É sumamente melancólico – porém não irrealista – admitir-se que no albor dos anos 60 este grande país não tinha senão duas miseráveis opções: ‘anos de chumbo’ ou ‘rios de sangue’… 

Espero, de verdade, que não cheguemos a esse patamar atualmente. Não faço coro àqueles que já clamam por intervenção militar. Acho até temerário fazer isso enquanto ainda for possível combater o PT dentro da própria democracia. Mas creio que a postura negligente de Caetano, como a de tantos outros, não ajuda. Adotar um discurso de que o Brasil não corre o menor risco de seguir os rumos bolivarianos, depois de tudo que o PT já mostrou ser capaz de fazer, parece-me mais do que ingenuidade; parece-me irresponsável.

E para evitar isso, seria maravilhoso se a própria esquerda decente, democrata, civilizada e crítica acordasse e ajudasse aqueles liberais e conservadores (de boa estirpe) no combate ao autoritarismo petista. Caetano fecha seu artigo dando alguma esperança nesse sentido, inclusive me citando:

Prefiro dizer agora, como tropicalista, que o eurocentrismo racista de Marx e Engels comentado por Rodrigo Constantino merece minha atenção. E talvez a da esquerda crítica.

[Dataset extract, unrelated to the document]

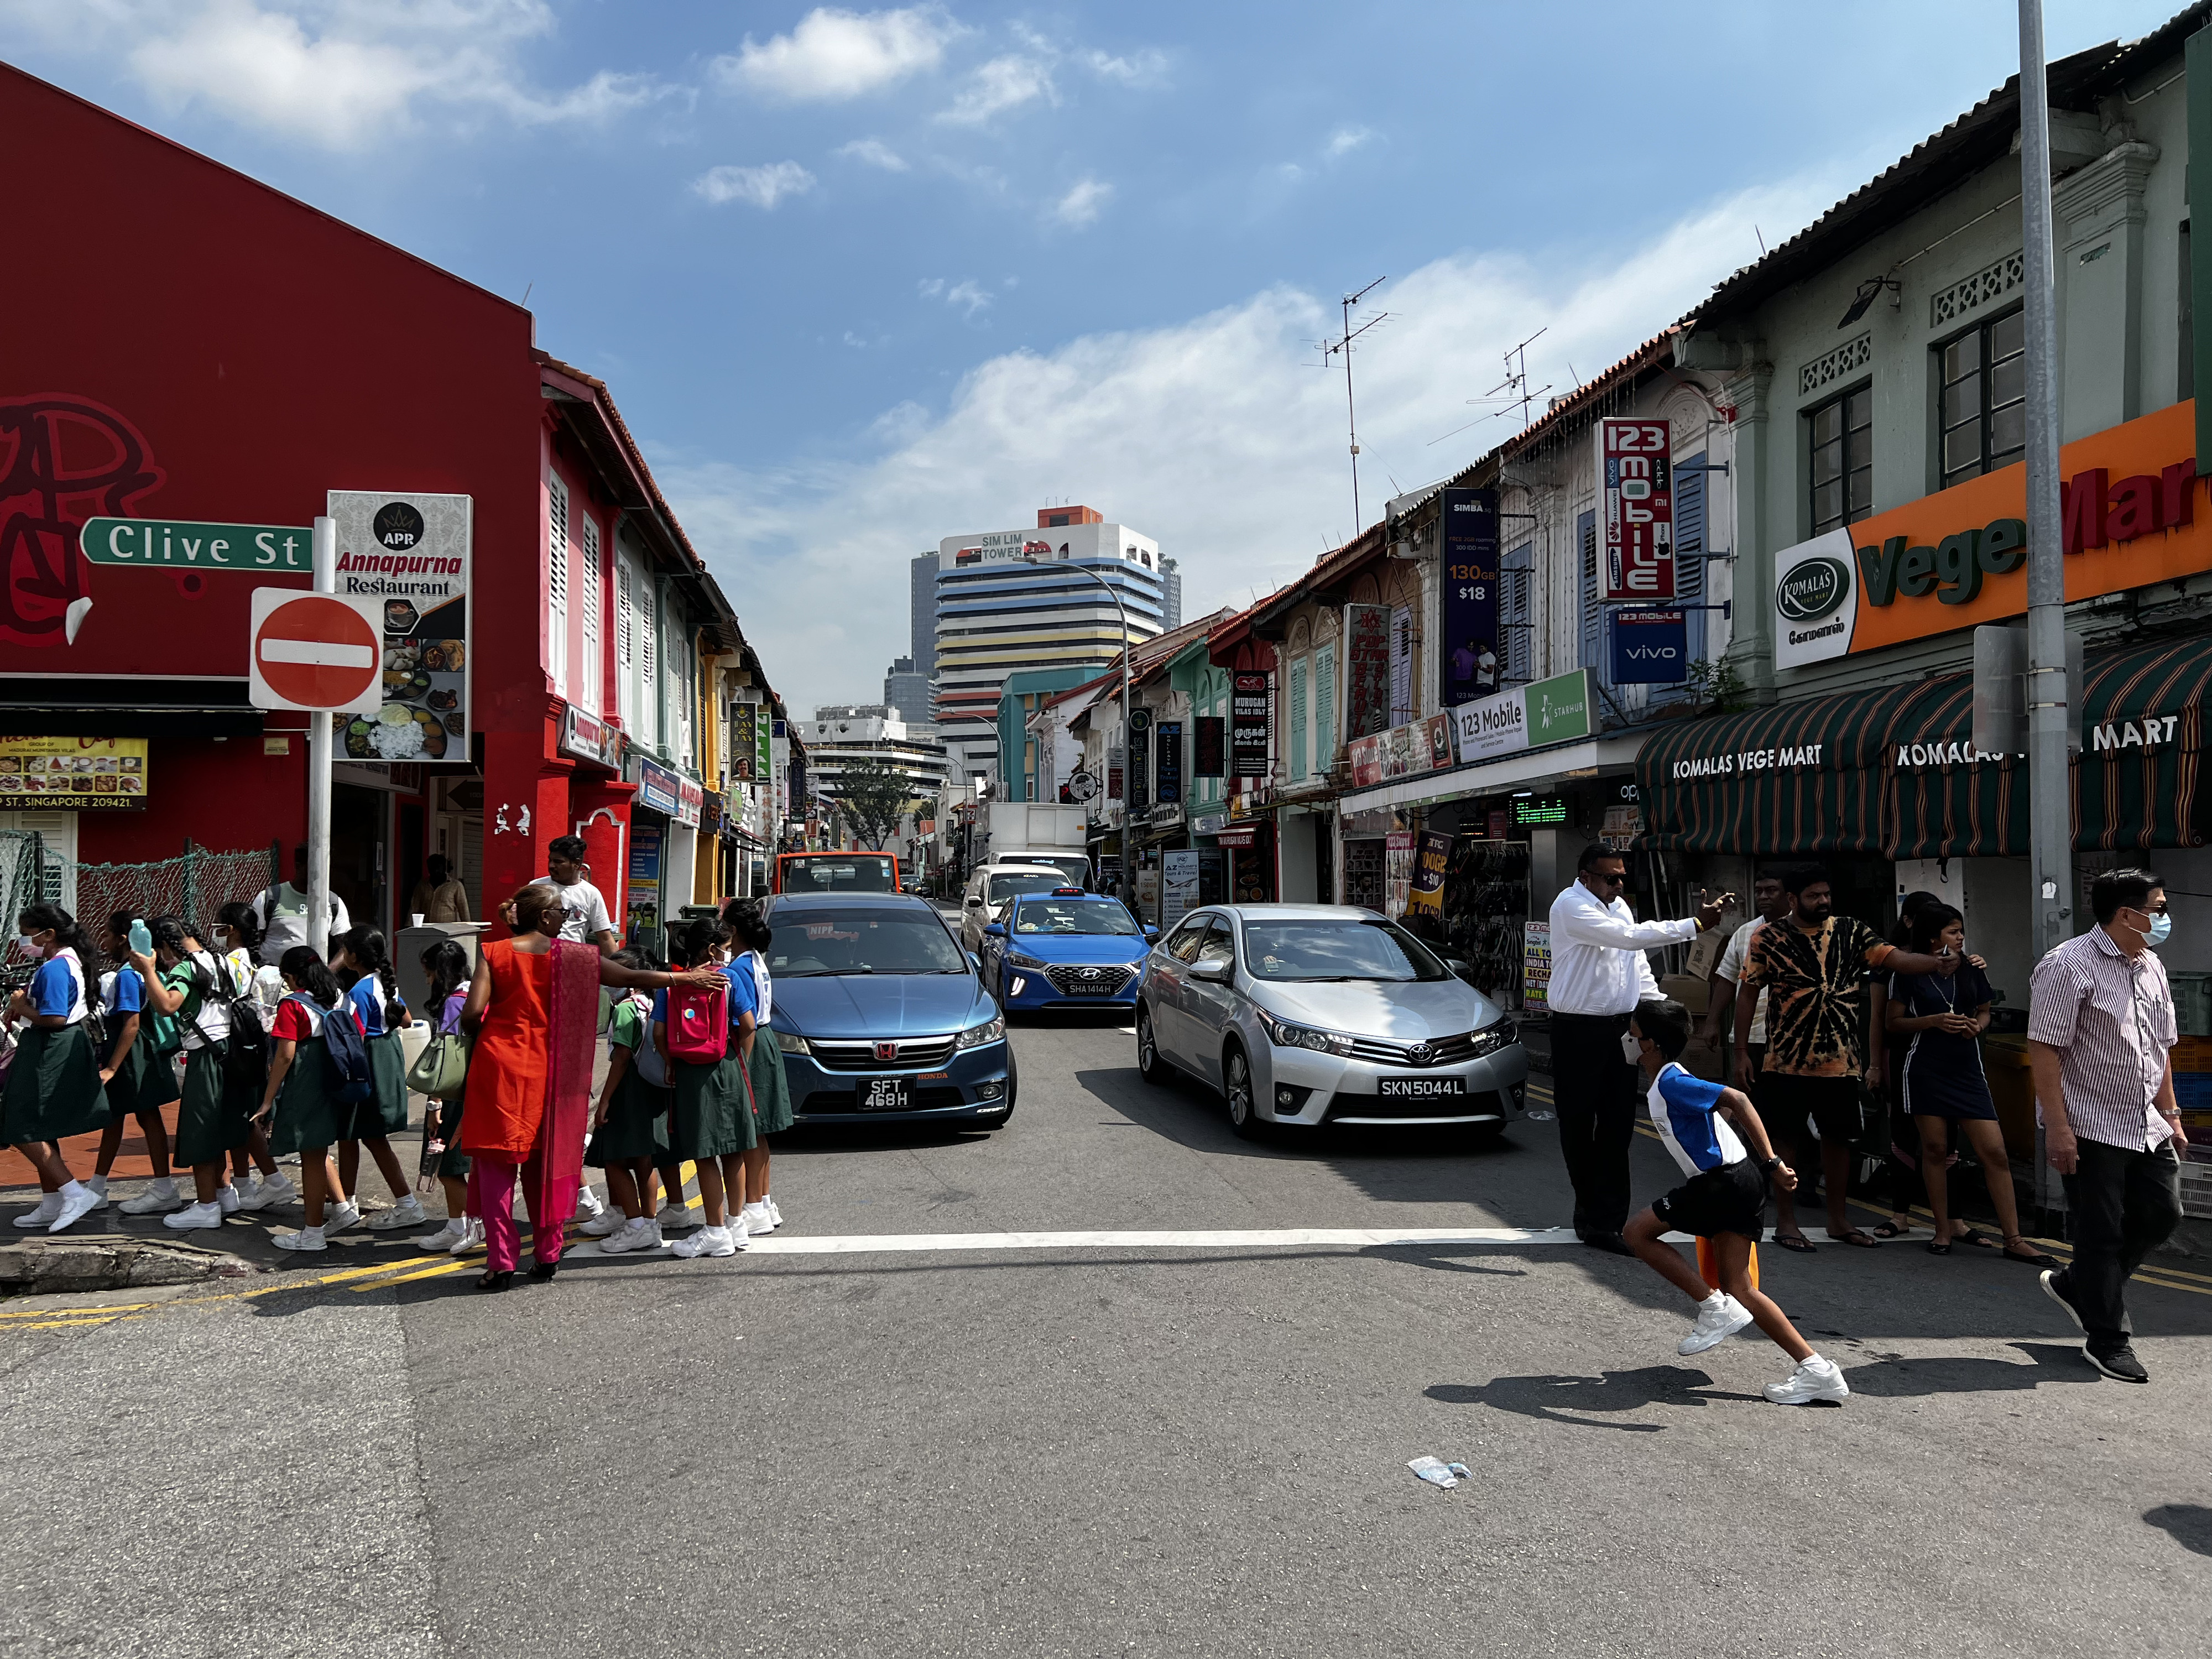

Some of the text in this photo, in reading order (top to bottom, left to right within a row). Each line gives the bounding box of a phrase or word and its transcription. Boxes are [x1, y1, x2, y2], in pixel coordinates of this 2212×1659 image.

Espero que sim! Meu esforço tem sido justamente no sentido de mostrar para os mais leigos e também para a esquerda crítica o que a esquerda radical efetivamente deseja. Ela nunca foi democrata, jamais lutou pela liberdade ou por “justiça social”. Marxistas odeiam a democracia, o contraditório, o debate civilizado. Aliás, odeiam, odeiam e odeiam: são movidos por ódio, puro ódio, ressentimento, rancor. O marxismo é incompatível com a democracia, tanto que não há um único exemplo que possam mostrar de sucesso na implantação de suas utopias igualitárias.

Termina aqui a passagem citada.